The jokiness works best in the early chapters devoted to deaths, and lives, predating the fall of Rome. (There are 18 pre-Socratics, physiologists, sages and Sophists alone!) These ancients are well served by a light touch, and a deft insouciance when distinguishing biographical fact from mythological tradition. The consensus may be (“sadly”) that Pythagoras never existed—but Mr. Critchley reports on his aversion to beans, and his ironic death at the edge of a bean field, with extended relish. Beans become, improbably, one of several absurdist leitmotifs (see Metrocles, the Cynic who tried to starve himself after “reportedly fart[ing] when rehearsing a speech”); death-after-castration is another. Indeed, for every Pythagoras or Diogenes or Epicurus (to say nothing of the blockbuster Socrates–Plato–Aristotle trilogy), Mr. Critchley unearths three or four lost Greeks only to bury them deeper in philosophical obscurity. The full entry for Demetrius, a (big-“P”) Peripatetic: “Fatally bitten by an asp.”

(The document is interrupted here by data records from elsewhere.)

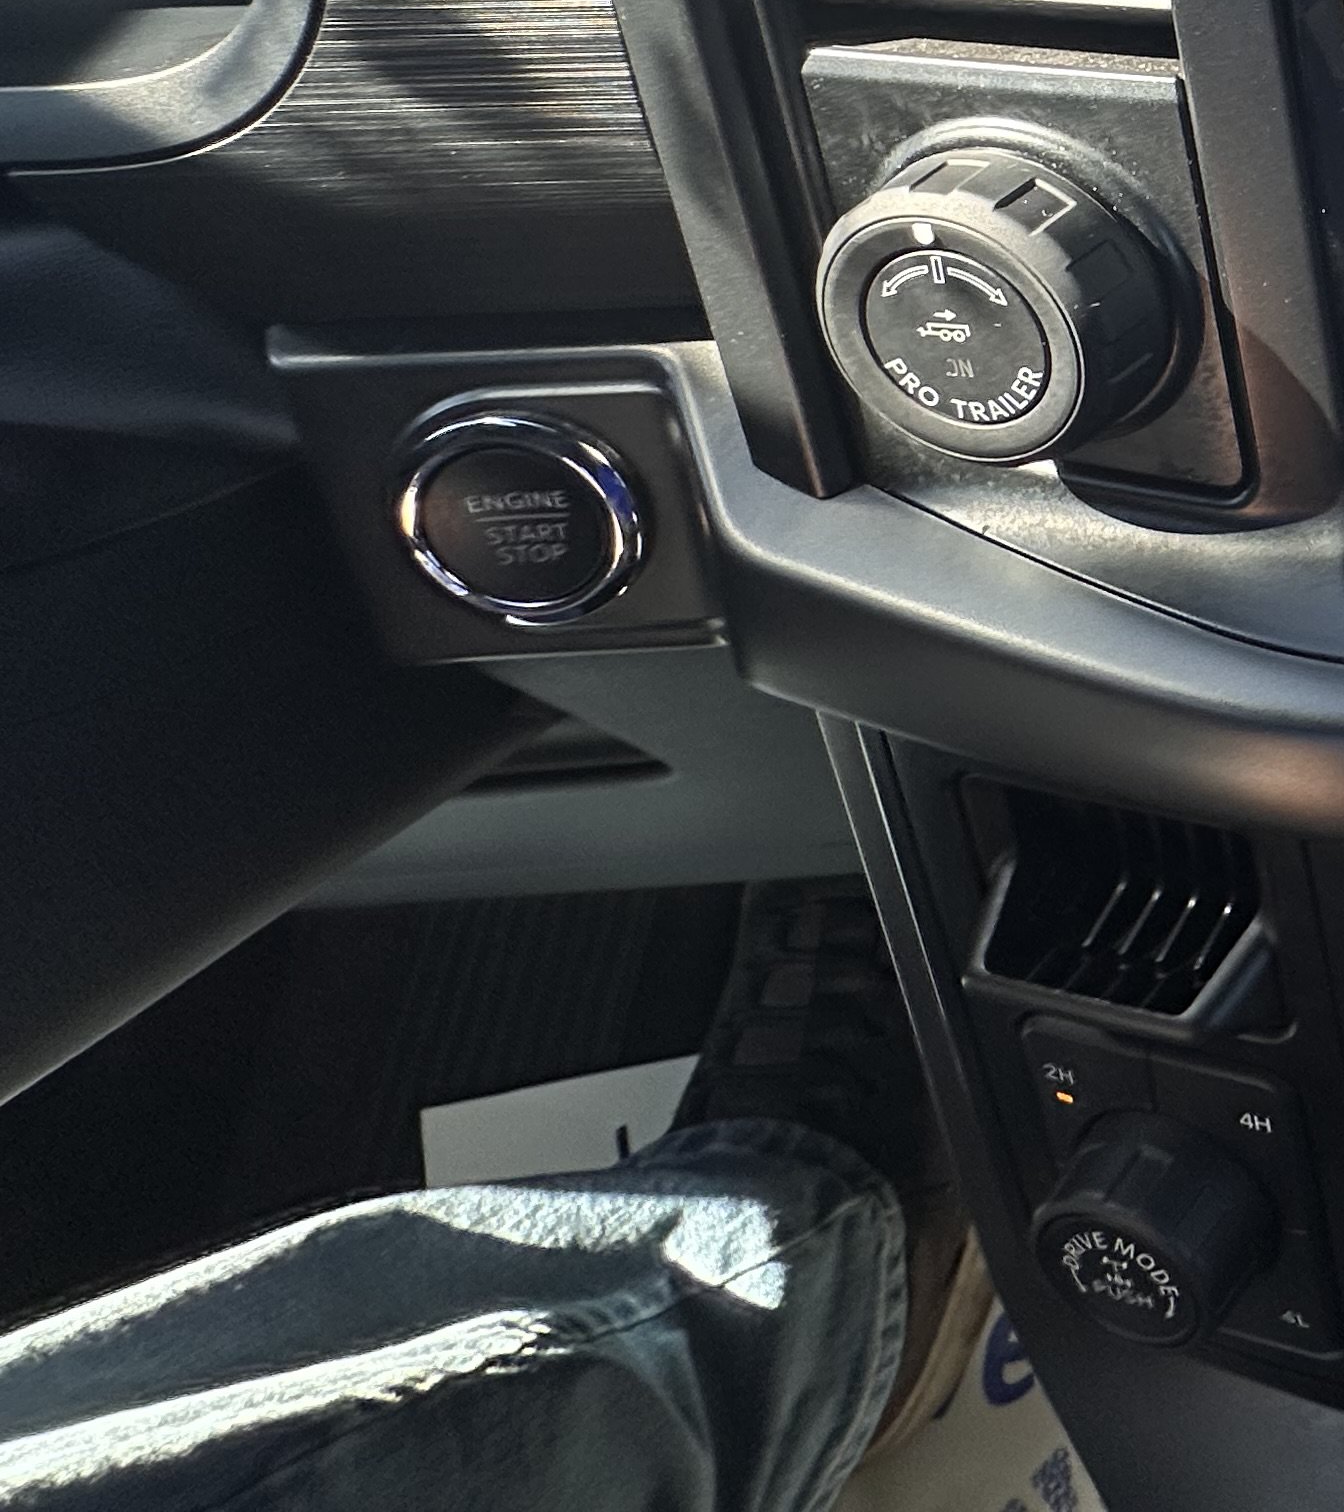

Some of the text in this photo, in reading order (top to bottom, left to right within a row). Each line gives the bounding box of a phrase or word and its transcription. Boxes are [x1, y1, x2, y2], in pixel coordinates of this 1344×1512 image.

[884, 356, 1044, 422] PRO TRAILER
[465, 490, 569, 514] ENGINE
[485, 522, 569, 545] START
[497, 544, 569, 566] STOP
[1043, 1063, 1075, 1085] 2H
[1239, 1112, 1272, 1134] 4H
[1062, 1232, 1180, 1299] DRIVE MODE
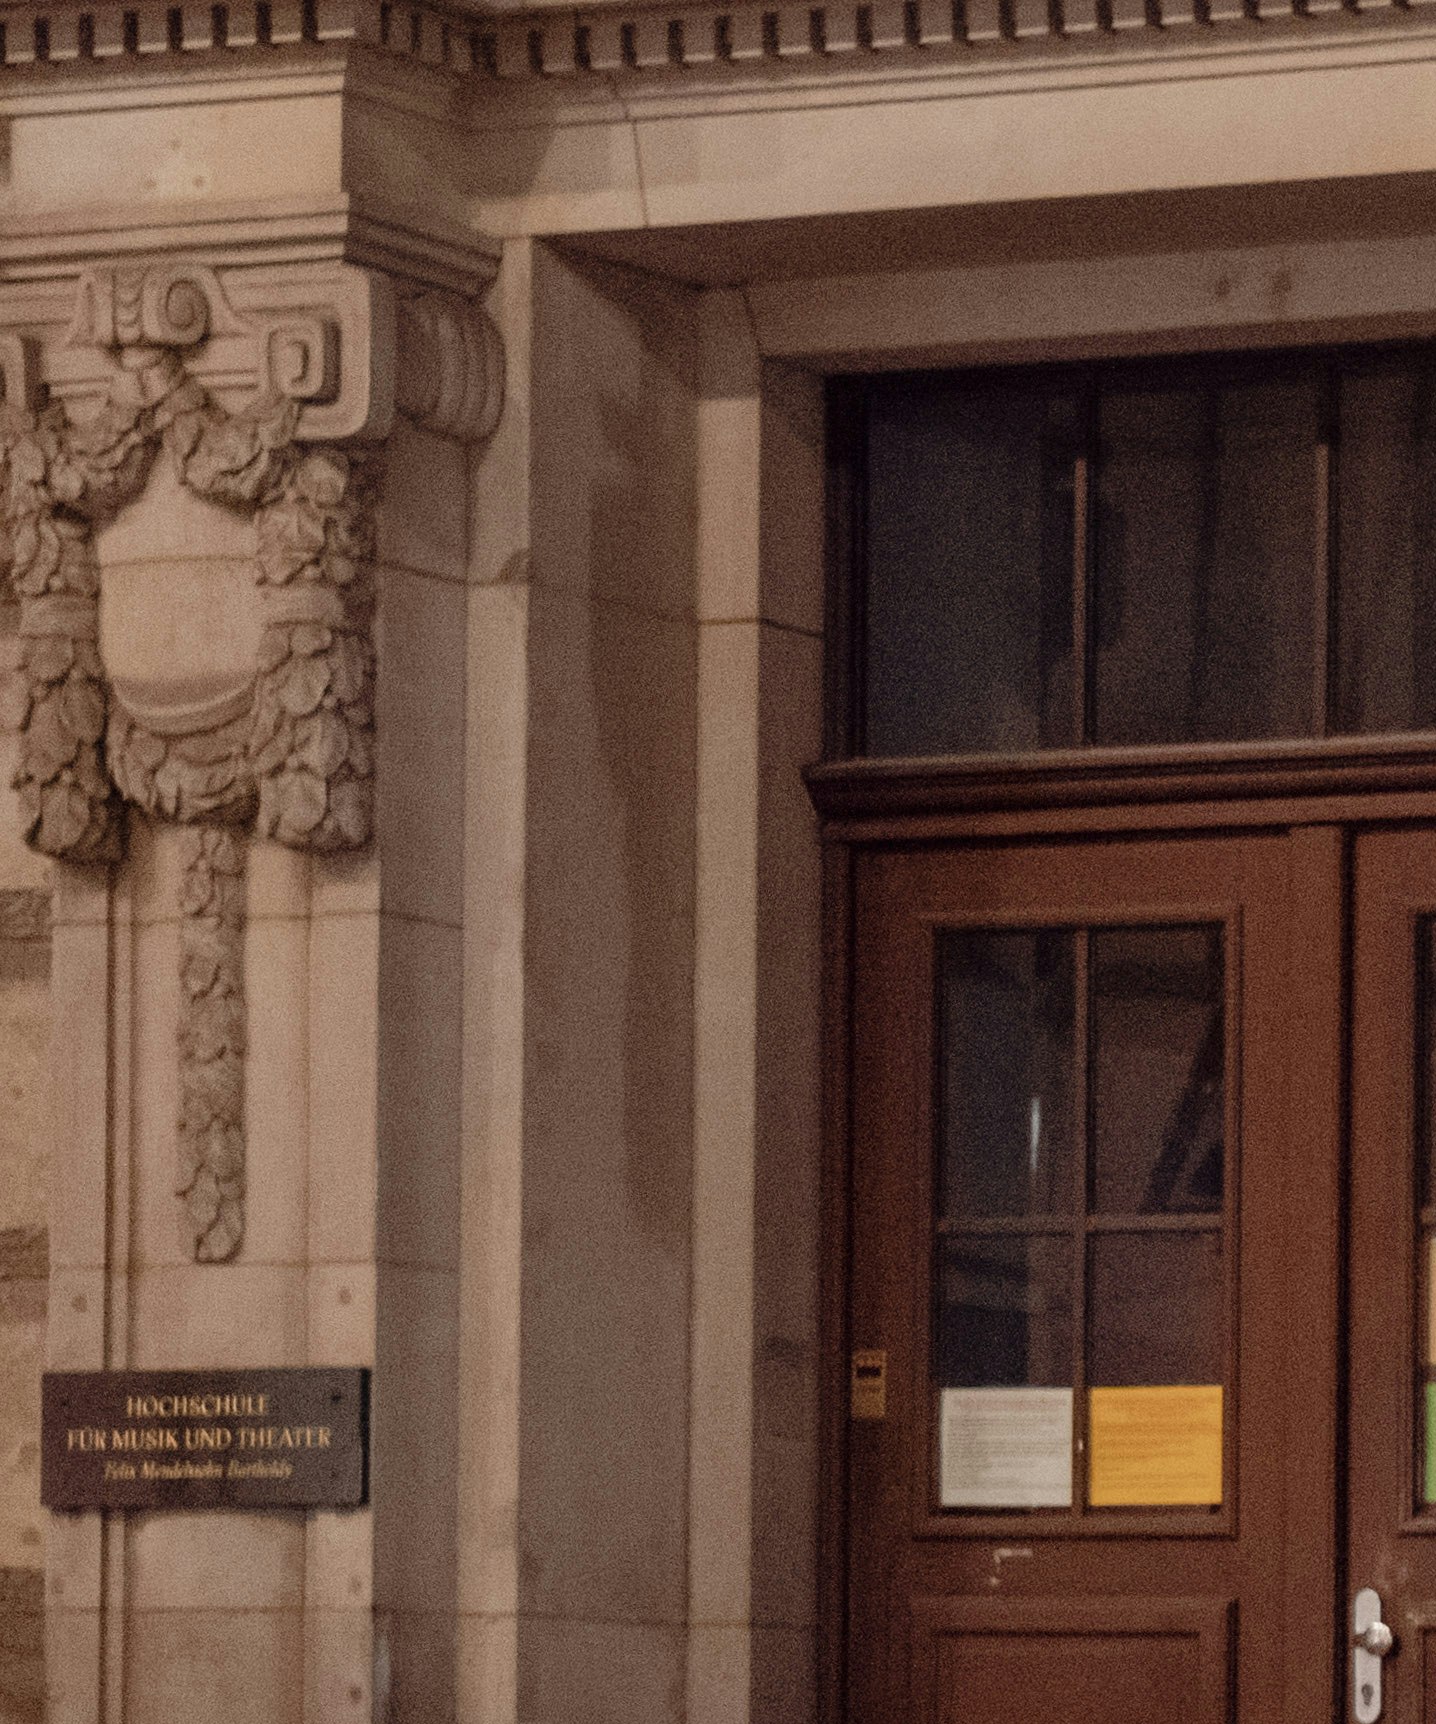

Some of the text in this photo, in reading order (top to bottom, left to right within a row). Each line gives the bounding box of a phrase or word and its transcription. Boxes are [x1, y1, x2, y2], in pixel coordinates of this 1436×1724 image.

In his 12-page research bibliography, the good professor has the rare decency to admit to using Wikipedia (cautiously), and it’s no slight to say that the body of his book reads like a fine example of that new, infinitely amusing art form, the Wikipedia list. The problem, then, remains Mr. Critchley’s intermittent insistence that his history of “philosophical deaths” is itself a work of philosophy. “[M]y hope,” he writes in his (first) introduction, “is that … a cumulative series of themes will emerge that add up to a specific argument about how philosophy might teach one how to die and, by implication, how to live.”

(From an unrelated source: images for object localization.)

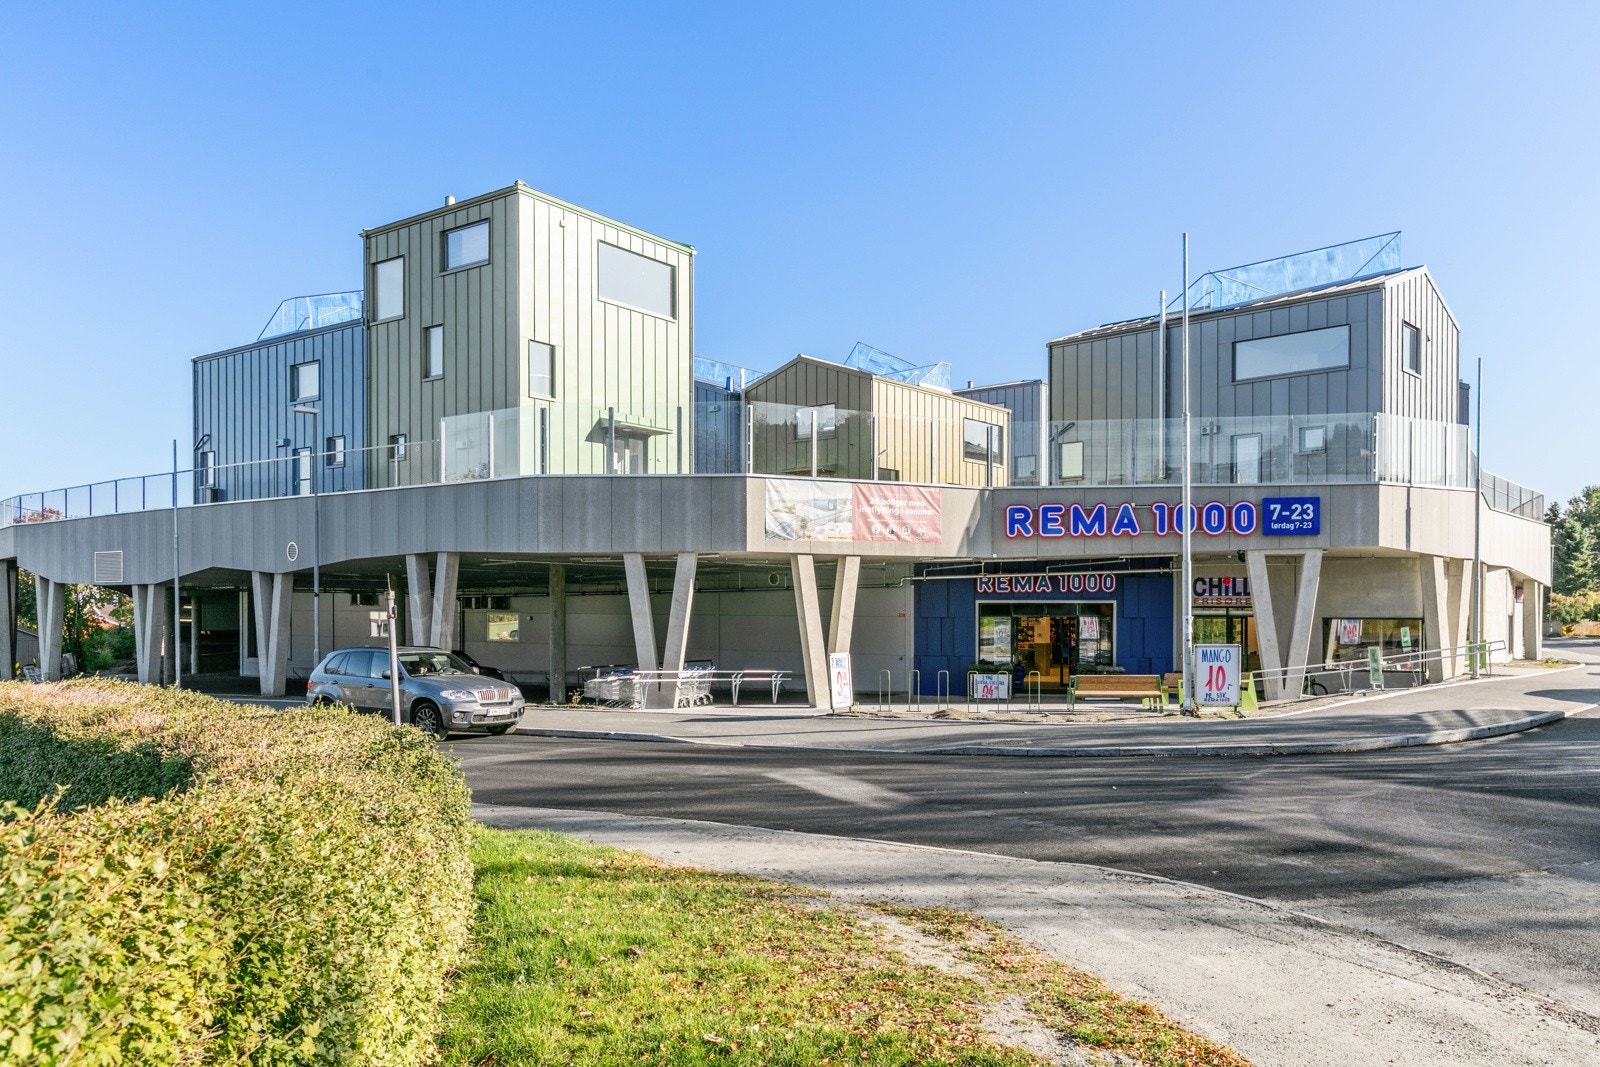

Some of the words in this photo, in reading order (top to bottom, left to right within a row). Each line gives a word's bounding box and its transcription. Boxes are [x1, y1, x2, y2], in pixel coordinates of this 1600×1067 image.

[1006, 503, 1140, 538] REMA
[1151, 501, 1258, 536] 1000
[1270, 503, 1314, 520] 7-23
[1271, 522, 1295, 530] lørdag
[976, 573, 1053, 593] REMA
[1058, 573, 1117, 593] 1000
[1202, 649, 1231, 662] MANGO

Whatever the pleasures of asps and beans—of Pascal’s gangrene and Rousseau’s collision with a Great Dane—no specific philosophical argument ever emerges. Perhaps that’s by design. Might the thrill of death give cover for a different project altogether? Since The Ethics of Deconstruction (1992), Mr. Critchley has occupied a rather strange position: with his brevity and levity, a very English Englishman aloft in the post-Heideggerian cloud generally termed “Continental.” Today’s wary demilitarized zone between the “obscurantist” Continentals and the “reductionist” Anglo-Americans (or “analytics”)—with each tradition claiming sovereignty over all philosophy—runs deep. Or, as Marx wrote in 1848, in “The Poverty of Philosophy”: “The Englishman transforms men into hats, the German hats into ideas.”
These divisions are transitory and, finally, illusory. By placing Levinas and Derrida, longtime foci of his work, alongside Rawls, Quine and Donald Davidson in a chronology reaching back to Thales and including Cicero, Copernicus, Confucius and Carnap, Mr. Critchley is perhaps engaging in a most dangerous, and arguably courageous, philosophical activity: syncretism.
If The Book of Dead Philosophers is any guide, 2,000 years from now, our fiercely patrolled academic borders will seem as arcane as the third-century B.C. stand-off between Stoics and Epicureans. The question will be how our philosophers—how our collective philosophy—dealt with the intractable realities of human embodiment given the peculiar constraints of the era. It would be wise, Simon Critchley suggests, for self-declared philosophers to consider all the tools available, lest our thinking end up like Strato of Lampsacus, who “became so thin that it is said he felt nothing when he died.”